Aku kembali membuka mulutku untuk menanggapi cerita Windy. Tapi saat kata-kataku masih berada di dalam tenggorokan, sebuah spidol tiba-tiba melayang ke arahku. Sontak aku dan Windy mengehentikan acara menggibah kami, kembali fokus pada satu objek tua di depan kelas yang kini sedang menatap kami murka. Dapatku lihat wajah mengkerutnya memerah karena marah.
"Masih mau ribut lagi?" tanyanya memelototi kami. “Kalau keberadaan kalian di kelas hanya untuk membuat onar. Silakan, pintu keluar terbuka dengan lebar untuk kalian" ucap Pak Galuh lebih tenang.
Aku dan Windy menunduk, berpura-pura tobat dan menyesali perbuatan kami. Padahal di dalam hati kecilku, aku masih merutuki perbuatannya yang melempar spidol sembarangan ke arahku.
Aku mengedarkan pandakanganku menatap sekeliling. Dari meja paling depan, kulihat Junia tersenyum mengejek sambil mulutnya komat-kamit mencoba mengatakan 'Rasain lo! Makanya jangan ngegosip mulu' ucapnya tanpa suara. Aku memberinya tatapan tajam, namun dia tak mengindahkan dan justru menjulurkan lidahnya mengejekku.

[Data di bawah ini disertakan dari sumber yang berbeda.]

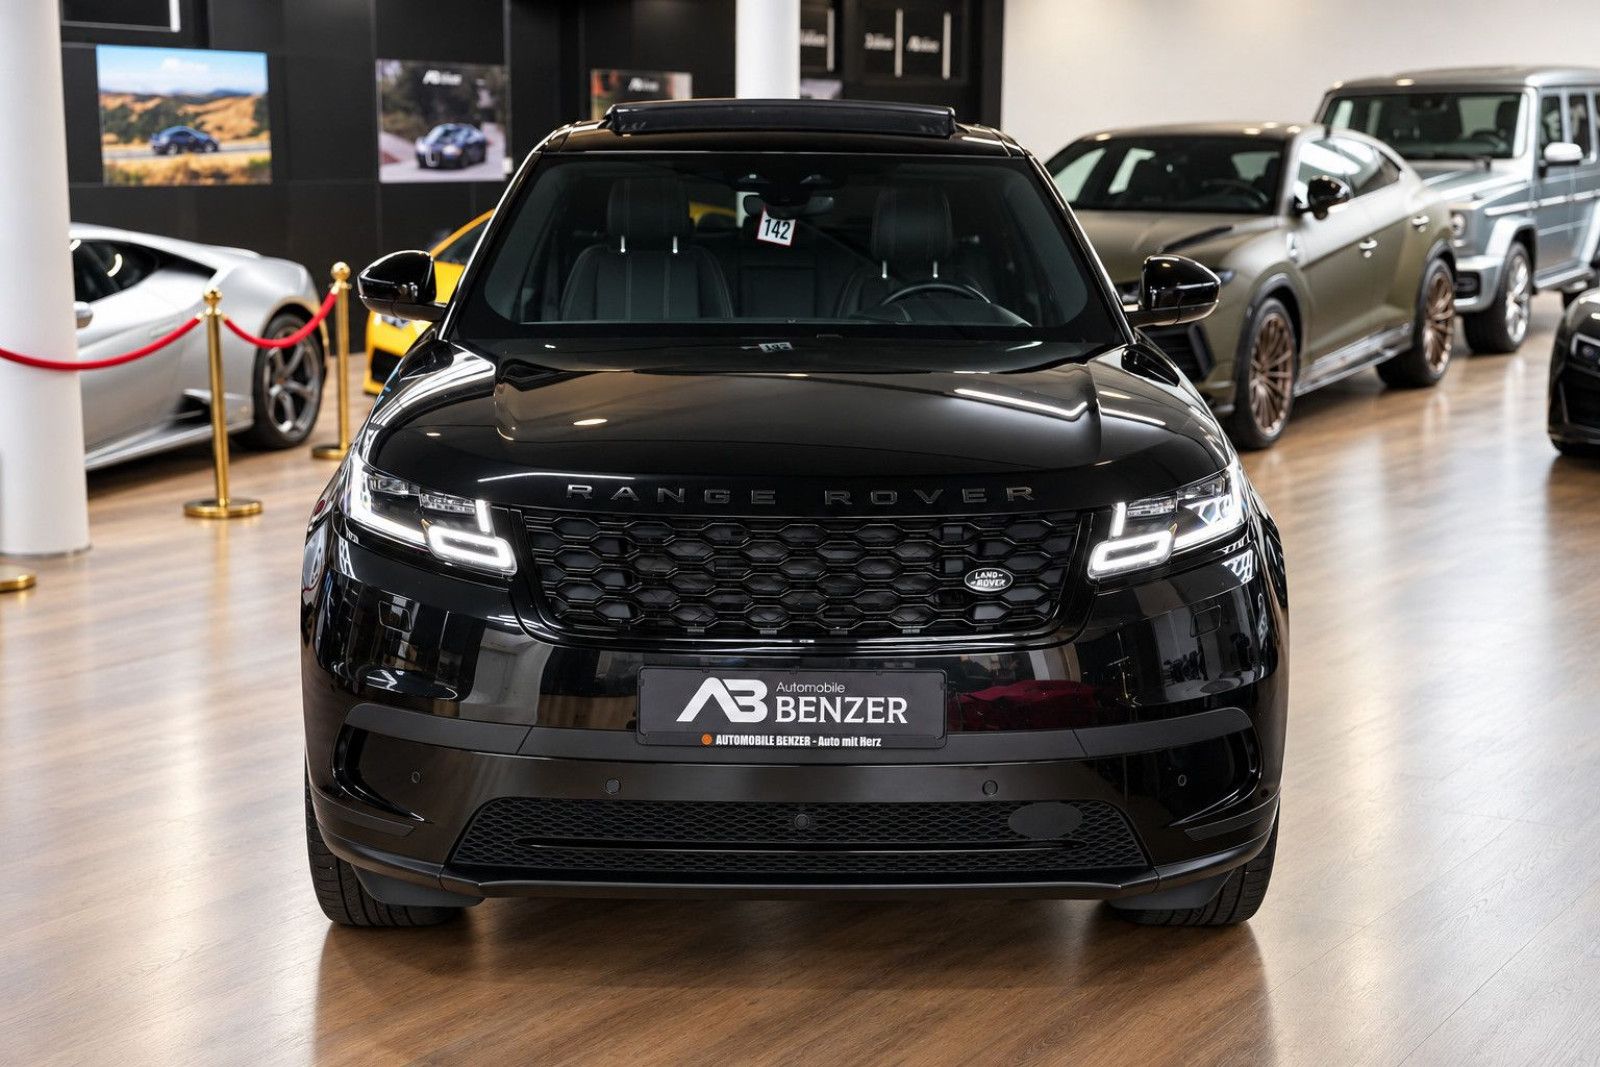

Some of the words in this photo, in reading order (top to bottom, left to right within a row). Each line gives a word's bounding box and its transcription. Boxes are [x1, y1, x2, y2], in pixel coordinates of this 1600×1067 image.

[764, 219, 791, 240] 142
[566, 484, 776, 505] RANGE
[825, 485, 1036, 506] ROVER
[776, 680, 847, 694] Automobile
[775, 695, 909, 724] BENZER
[715, 734, 775, 747] AUTOMOBILE
[776, 735, 811, 747] BENZER
[818, 735, 840, 747] Auto
[842, 736, 859, 747] mit
[859, 736, 882, 748] Herz

‘Awas lo, gue sumpahin lobang idung lo bisulan!' ucapku tanpa suara juga. Tapi aku tahu dia masih bisa mengerti maksudku. Karena sedetik setelah aku mengatakannya, dia langsung memegangi hidungnya sendiri.
"Anja, kamu dengar apa yang saya katakan?" tanya Pak Galuh tiba-tiba. Aku mengerjap, tidak mengerti apa maksud dari pertanyaannya. Tapi untuk menghindari murkanya, kuanggukan saja kepalaku pura-pura mengerti.

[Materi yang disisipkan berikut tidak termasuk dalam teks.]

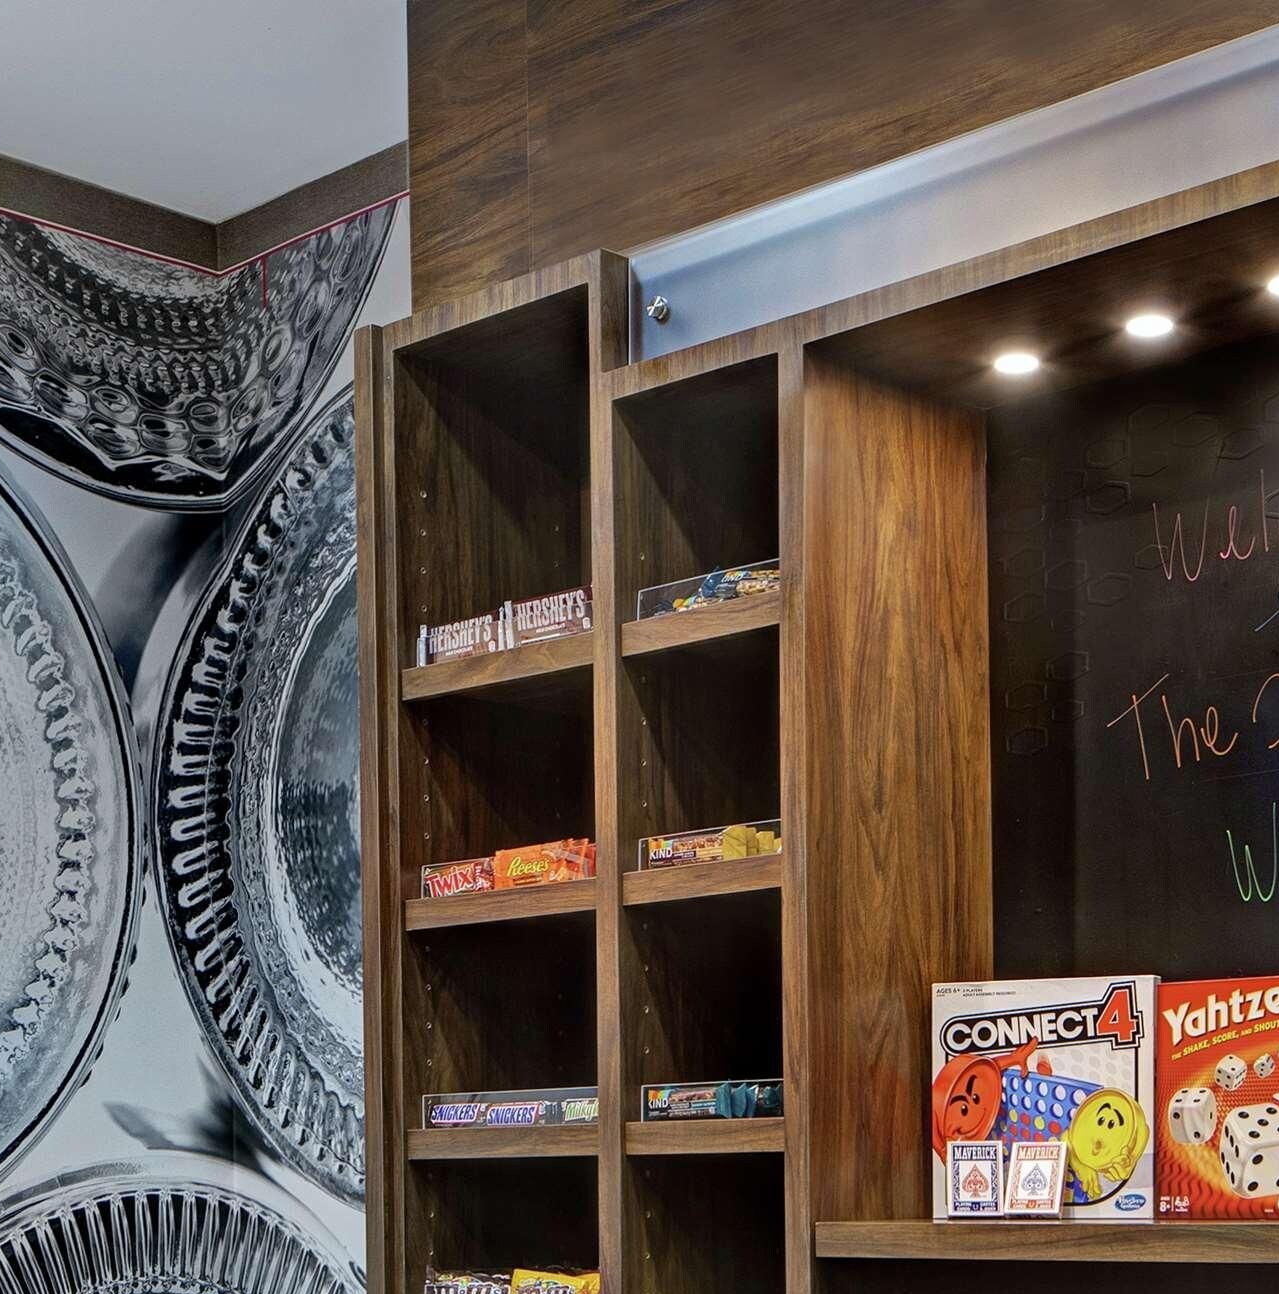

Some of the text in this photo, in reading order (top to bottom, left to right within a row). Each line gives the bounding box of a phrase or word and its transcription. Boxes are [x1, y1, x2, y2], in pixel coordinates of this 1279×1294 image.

[517, 589, 586, 632] HERSHEY'S
[429, 614, 492, 651] HERSHEY'S
[1107, 673, 1238, 781] The
[649, 848, 673, 861] KIND
[506, 856, 551, 877] Reese's
[946, 988, 1137, 1050] CONNECT 4
[1183, 1040, 1210, 1057] SHAKE,
[1212, 1030, 1240, 1045] SCORE,
[431, 1104, 478, 1122] SNICKERS
[486, 1105, 536, 1126] SNICKERS
[954, 1146, 997, 1161] MAVERICK
[1017, 1146, 1060, 1161] MAVERICK

"Tolong jangan berisik dulu, saya akan menginformasikan seputar prakerin pada kalian" pinta Pak Galuh sembari membuka laptopnya.
"Untuk yang mendapatkan tempat prakerin di bank, kalian berangkat besok, Tapi kita kumpul dulu di sekolah, saya akan memberikan breafing dulu" ucap Pak Galuh yang langsung mendapatkan berbagai respon dari teman-teman sekelasku.
"Yaaahhh.....Gue berangkat besok dong? Padahal gue belum siap"
"Males banget sih, kenapa harus ada prakerin segala coba?"
"Asik nih, siapa tau di tempat magang nanti dapet cogan!"
"Semoga nanti gue dapet gaji! Amiiiiin......"
Mereka mampu mengeluarkan semua yang ada dipikiran mereka kala itu juga, sedangkan aku? Aku hanya diam, tak percaya dengan apa yang baru saja aku dengar.
Yang mendapatkan tempat prakerin di bank harus berangkat besok? Dan Pak Galuh baru memberitahukannya hari ini? Tepat dua jam sebelum bel pulang berbunyi? Oh ayolah, aku belum mempersiapkan apapun, sedangkan siap tak siap aku harus tetap berangkat besok.
"Tidak ada alasan untuk tidak berangkat, kalian yang sudah dijadwalkan untuk berangkat harus berangkat" ucapnya menghindari protes yang akan kami para muridnya berikan.
Tapi aku tidak peduli, segera aku menghampiri Pak Galuh, memegang lengannya kuat lalu menarik-nariknya seperti menarik benang layangan.
"Aduh Pak, saya belum siap, jangan sekarang yaaaa...pliiiiiissss, kasih saya waktu sebulan lagi Pak, saya belum siap" pintaku dengan suara yang sengaja aku serak-serakan, agar guru killer ini mau membatalkan pemberangkatanku.
Seperti di drama-drama yang sering aku tonton, dengan teganya Pak Galuh menepis tanganku kasar. Dia menatapku horror dan berdecih sendiri, layaknya seorang ibu tiri dalam kisah bawang merah dan bawang putih.
"Enak saja sebulan lagi! Kamu pikir instansi itu milik nenek moyang kamu?" cibirnya.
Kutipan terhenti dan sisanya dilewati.